**GOAL OF THE EXERCISE**: Retype every record that appears below, unchanged.

**DATA TO PROCESS**:
★ ★ ★
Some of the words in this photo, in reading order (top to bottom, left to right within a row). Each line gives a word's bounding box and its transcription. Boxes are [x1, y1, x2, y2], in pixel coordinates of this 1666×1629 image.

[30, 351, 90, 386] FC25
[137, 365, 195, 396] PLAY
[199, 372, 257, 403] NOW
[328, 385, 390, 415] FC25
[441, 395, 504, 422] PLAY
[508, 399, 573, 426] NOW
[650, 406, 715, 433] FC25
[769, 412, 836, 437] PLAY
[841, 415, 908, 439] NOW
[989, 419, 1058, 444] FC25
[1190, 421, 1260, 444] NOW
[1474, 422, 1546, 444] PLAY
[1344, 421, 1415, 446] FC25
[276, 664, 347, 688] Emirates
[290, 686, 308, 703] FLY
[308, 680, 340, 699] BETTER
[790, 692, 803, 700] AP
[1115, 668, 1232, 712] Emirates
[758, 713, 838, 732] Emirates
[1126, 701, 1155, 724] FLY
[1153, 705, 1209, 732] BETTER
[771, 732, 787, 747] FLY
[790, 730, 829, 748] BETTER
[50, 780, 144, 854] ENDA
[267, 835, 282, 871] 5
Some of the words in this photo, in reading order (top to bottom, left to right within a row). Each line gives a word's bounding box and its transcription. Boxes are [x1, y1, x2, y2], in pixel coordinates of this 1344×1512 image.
★ ★ ★
**SOLUTION TO THIS EXERCISE**:
Some of the words in this photo, in reading order (top to bottom, left to right within a row). Each line gives a word's bounding box and its transcription. Boxes are [x1, y1, x2, y2], in pixel coordinates of this 1666×1629 image.

[30, 351, 90, 386] FC25
[137, 365, 195, 396] PLAY
[199, 372, 257, 403] NOW
[328, 385, 390, 415] FC25
[441, 395, 504, 422] PLAY
[508, 399, 573, 426] NOW
[650, 406, 715, 433] FC25
[769, 412, 836, 437] PLAY
[841, 415, 908, 439] NOW
[989, 419, 1058, 444] FC25
[1190, 421, 1260, 444] NOW
[1474, 422, 1546, 444] PLAY
[1344, 421, 1415, 446] FC25
[276, 664, 347, 688] Emirates
[290, 686, 308, 703] FLY
[308, 680, 340, 699] BETTER
[790, 692, 803, 700] AP
[1115, 668, 1232, 712] Emirates
[758, 713, 838, 732] Emirates
[1126, 701, 1155, 724] FLY
[1153, 705, 1209, 732] BETTER
[771, 732, 787, 747] FLY
[790, 730, 829, 748] BETTER
[50, 780, 144, 854] ENDA
[267, 835, 282, 871] 5
Some of the words in this photo, in reading order (top to bottom, left to right within a row). Each line gives a word's bounding box and its transcription. Boxes are [x1, y1, x2, y2], in pixel coordinates of this 1344×1512 image.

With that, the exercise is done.